A total of 137 IOLs were performed for biopsy-proven ductal carcinoma in situ (DCIS) or invasive cancer. The median patient age was 69 years. Most patients had a non-palpable tumor (n = 104, 76.5%). 84.6% of patients underwent pre-operative biopsy by ultrasound guidance, 12.5% by stereotactic guidance, and 2.9% by MRI. In total, 7.3% of patients (n = 10) had positive margins, including 2 with invasive disease at the margin and 8 with DCIS at the margin. Nine patients underwent re-excision for positive or close margins, of which 8 had successful margin-negative breast conservation and 1 patient underwent mastectomy.
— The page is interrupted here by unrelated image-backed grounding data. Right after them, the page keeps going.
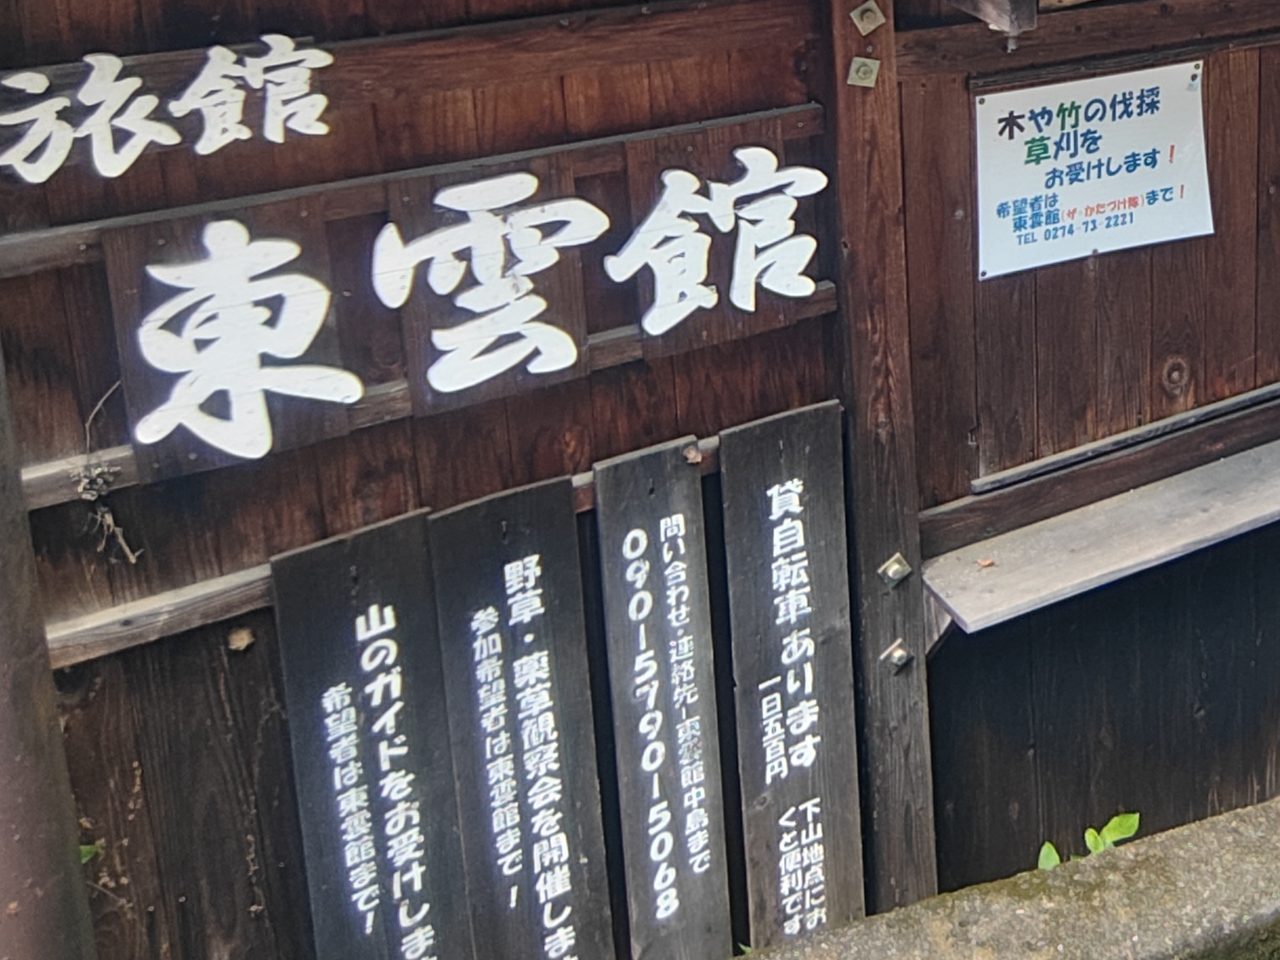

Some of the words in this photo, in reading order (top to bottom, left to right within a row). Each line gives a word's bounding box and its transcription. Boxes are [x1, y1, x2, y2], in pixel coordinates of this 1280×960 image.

[0, 34, 334, 184] 旅館
[997, 87, 1160, 140] 木や竹の伐採
[1024, 129, 1102, 165] 草刈を
[996, 193, 1059, 219] 希望者は
[1017, 233, 1038, 246] TEL
[135, 146, 829, 460] 東雲館
[766, 478, 822, 768] 貸自転車あります
[356, 604, 438, 960] 山のガイドをお受けしま
[504, 554, 579, 960] 野草・薬草観察会を開催しま
[758, 675, 789, 785] 一日五百円
[778, 806, 805, 935] くと便利です
[798, 797, 827, 923] 下山地点にお
Thirty-day postoperative complications occurred in 21 patients (15.3%). Of these, most (n = 19, 90.4%) had minor complications including seroma (n = 14), cellulitis (n = 3), and skin allergy (n = 2). At median follow-up of 20.4 months, no patients experienced recurrence.

Conclusions

In our single-surgeon series, IOL is a safe technique for localization of invasive carcinoma and DCIS with margin positivity, re-excision, and postoperative complication rates within previously published ranges.

Synopsis

This study evaluates the safety of and re-excision rates after intraoperative surgeon-performed ultrasound-guided wire localization (IOL) for breast cancer. Results demonstrate margin positivity and re-excision rates equivalent to or lower than rates reported in literature utilizing preoperative localization techniques.